Já não há silêncio possível quando se entra no espaço. A peça “Terra Brasilis Top Trans Pindorâmica”, da Cia Sacana, se inicia com o público no palco. Somos manejados de um lado para o outro enquanto assistimos à introdução em cantoria. Ali já se inicia um estado catártico, a anunciação da nova Santa Profana. As cadeiras da plateia estão tomadas por lonas, cones, entulhos. Nem todas podem ser ocupadas pelo público. O território cênico é ruína e disputa.

O mundo do espetáculo não se dá no tempo dos vivos, mas no tempo dos sobreviventes. A diegese da peça é distópica, em um mundo como Jogos Vorazes, se divide em distritos e zonas, os primeiros subservientes às últimas, assemelhando-se a um sistema feudal. 

Há uma coreopolítica em jogo. O corpo de elenco vai de um lado para o outro, dança conjuntamente, compõe esse deslocamento coletivo. Por vezes corpo-componentes em movimentos síncronos, outrora ocupando diferentes lugares do palco, dos corredores lá em cima, dos corredores da plateia. Destaque para tal afinação coletiva, onde a sintonia se manifesta, num entrosamento de fluidez dramática. 

As partes de dança como a introdução, o carnaval, e o levantamento de novo acampamento, operam como esse espetáculo formado por múltiplos corpos, que transversalmente se cruzam, intercedem-se, retiram e realocam estruturas, angariam casacos, camisinhas, cigarros, dulotegravires e fumaratos de tenofovir. Essa energia que se orquestra em fluxos distintos porém componentes de um mesmo lugar nos põe atentos, pulsantes e nos convida a participar também. “Iá, monilde. Iá, monete” forma uma roga de prece, do cômico ao sagrado. 

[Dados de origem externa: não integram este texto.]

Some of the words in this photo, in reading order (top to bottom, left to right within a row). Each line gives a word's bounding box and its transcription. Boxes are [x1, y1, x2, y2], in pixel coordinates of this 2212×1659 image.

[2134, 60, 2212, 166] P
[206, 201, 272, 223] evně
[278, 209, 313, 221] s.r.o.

Enquanto isso, no plano aéreo das vozes, ecoa a Rádio. A radialista da estação Manicongo, que serve como luva de seda no papel de âncora narrativa, transmite tudo com notícias em primeiríssima mão, comentando os acontecimentos regada de humor e maneirismos vocais típicos da ocupação. Seu estúdio, recheado de parafernalhas em identidade sudaca pós-apocalíptica, nos ambienta e nos deixa a par do que rola em público e nos bastidores das personagens. Um mapa em gambiarra na parede, retratos da resistência, grafites coloridos e mil e um botões que volta e meia oscilam transmissão nas frequências duvidosas de uma sociedade confinada e isolada. 

A Santa recebe os mimos que pede aos seus idólatras: sapatos, raquete elétrica, frasco de estrogel. No momento que a santificam, que a idolatram, também retiram seu direito à própria subjetividade. O altar é pódio, mas também cela. A santidade é o disfarce da exaustão.

A Santa não mais quer ser santa, precisa de liberdade, de rumar seus próprios desejos para além das fronteiras delimitadas do distrito. Planeja uma fuga, receia em deixar para trás seu povo que tanto a adora, mas precisa continuar carreira solo. 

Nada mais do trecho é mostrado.